WORK INSTRUCTIONS >>
Each entry below is to be transcribed exactly; pictures are not copied.

[Referring expression grounding data]
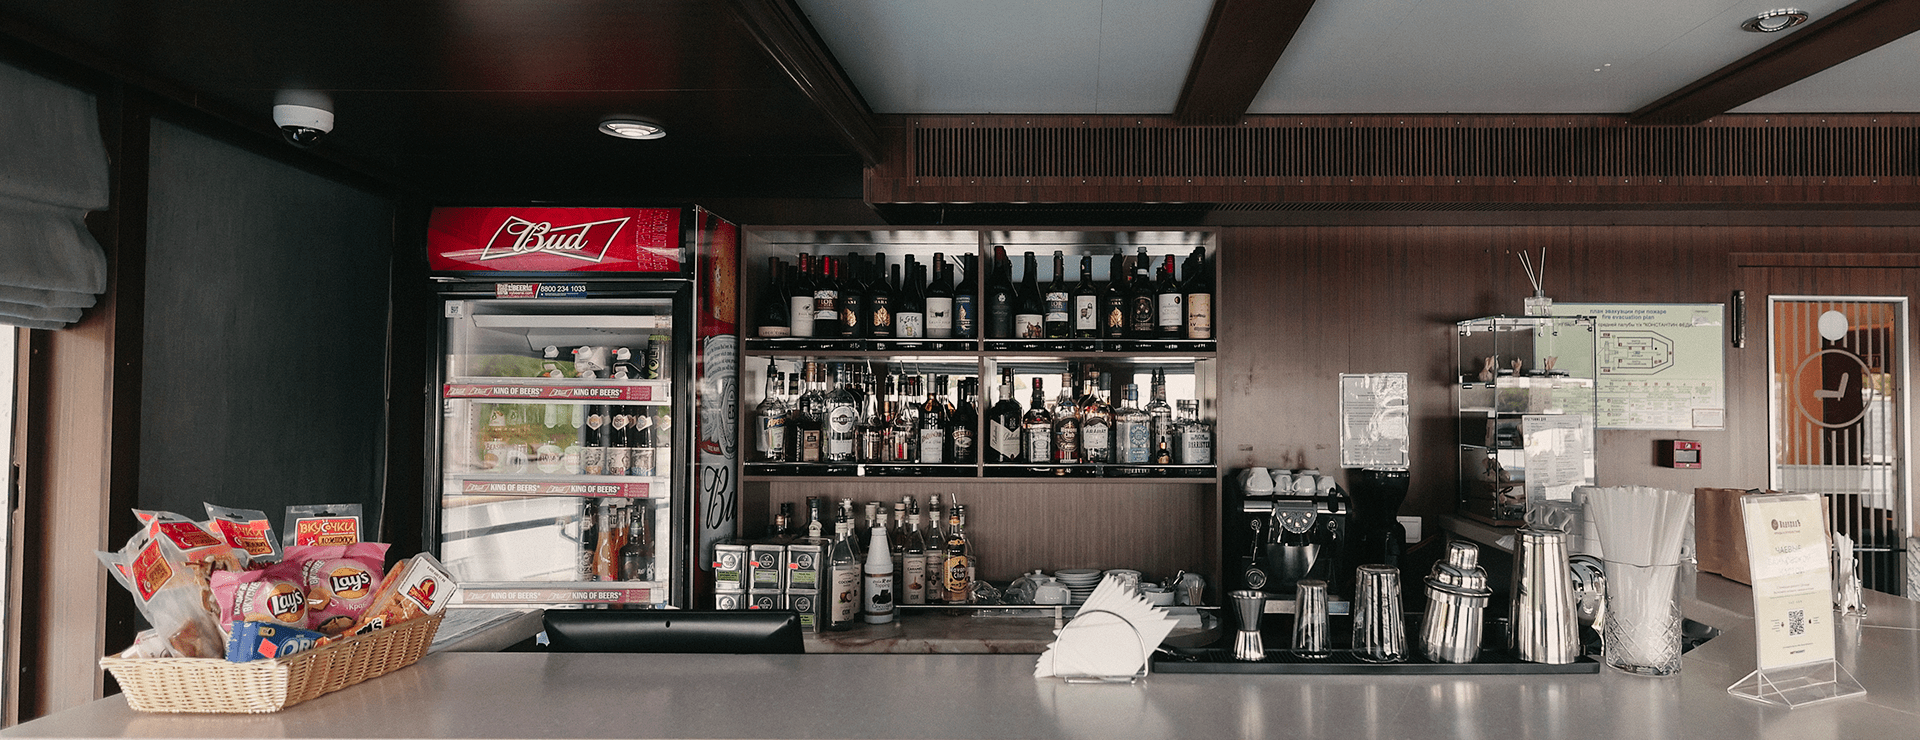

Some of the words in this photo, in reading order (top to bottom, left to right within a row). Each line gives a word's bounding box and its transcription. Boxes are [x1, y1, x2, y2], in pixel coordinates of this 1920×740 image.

[507, 221, 588, 252] Bud
[510, 387, 518, 395] OF
[573, 388, 590, 396] KING
[590, 388, 598, 396] OF
[571, 485, 587, 493] KING
[587, 485, 596, 493] OF
[704, 465, 735, 529] Bu
[299, 519, 355, 534] ВКУСОЧКИ
[332, 572, 371, 592] Lay's
[271, 590, 302, 616] Lay's
[589, 592, 597, 600] OF

RESULT >>
Some of the words in this photo, in reading order (top to bottom, left to right within a row). Each line gives a word's bounding box and its transcription. Boxes are [x1, y1, x2, y2], in pixel coordinates of this 1920×740 image.

[507, 221, 588, 252] Bud
[510, 387, 518, 395] OF
[573, 388, 590, 396] KING
[590, 388, 598, 396] OF
[571, 485, 587, 493] KING
[587, 485, 596, 493] OF
[704, 465, 735, 529] Bu
[299, 519, 355, 534] ВКУСОЧКИ
[332, 572, 371, 592] Lay's
[271, 590, 302, 616] Lay's
[589, 592, 597, 600] OF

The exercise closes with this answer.